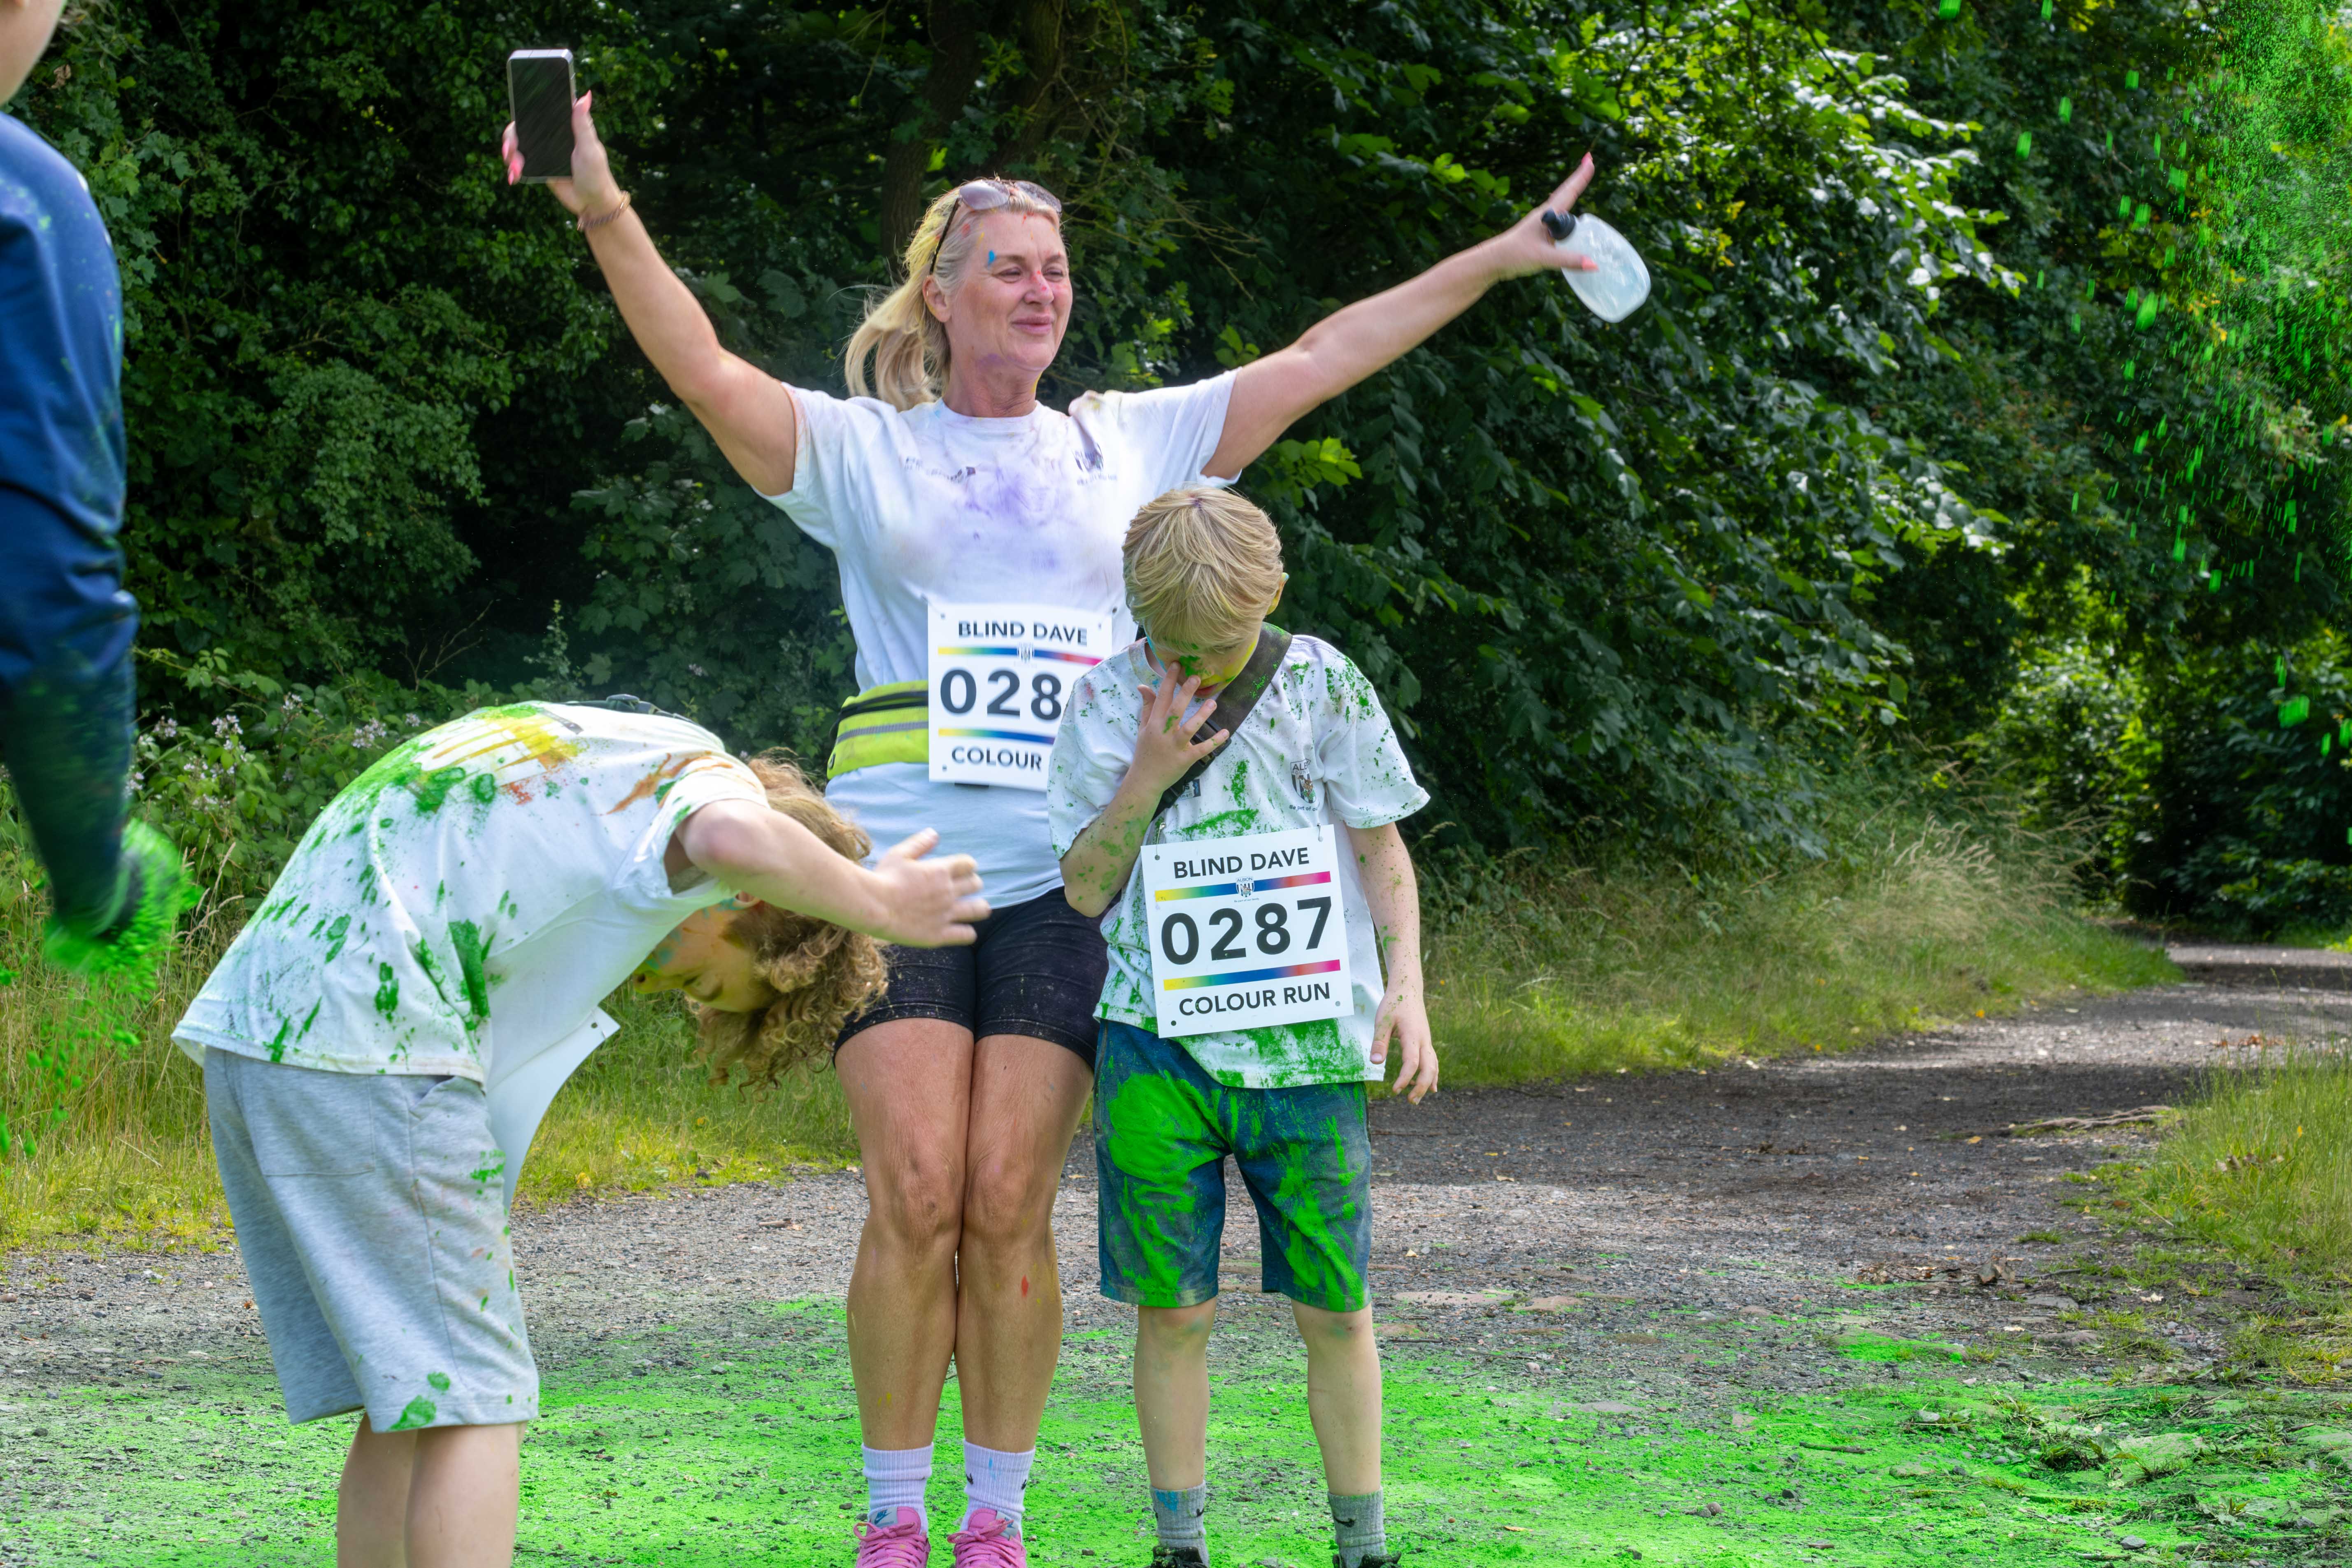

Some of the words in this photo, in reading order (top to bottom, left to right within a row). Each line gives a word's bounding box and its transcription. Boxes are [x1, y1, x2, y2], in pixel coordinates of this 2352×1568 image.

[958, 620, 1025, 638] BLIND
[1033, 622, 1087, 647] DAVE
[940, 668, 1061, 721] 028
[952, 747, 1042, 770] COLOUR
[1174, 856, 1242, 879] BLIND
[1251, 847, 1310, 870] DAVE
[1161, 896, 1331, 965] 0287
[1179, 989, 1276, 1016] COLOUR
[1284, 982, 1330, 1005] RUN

***

=== Task instructions ===
Repeat the records above exactly, leaving out any pictures they contain.

=== Solved exercise ===
Some of the words in this photo, in reading order (top to bottom, left to right within a row). Each line gives a word's bounding box and its transcription. Boxes are [x1, y1, x2, y2], in pixel coordinates of this 2352×1568 image.

[958, 620, 1025, 638] BLIND
[1033, 622, 1087, 647] DAVE
[940, 668, 1061, 721] 028
[952, 747, 1042, 770] COLOUR
[1174, 856, 1242, 879] BLIND
[1251, 847, 1310, 870] DAVE
[1161, 896, 1331, 965] 0287
[1179, 989, 1276, 1016] COLOUR
[1284, 982, 1330, 1005] RUN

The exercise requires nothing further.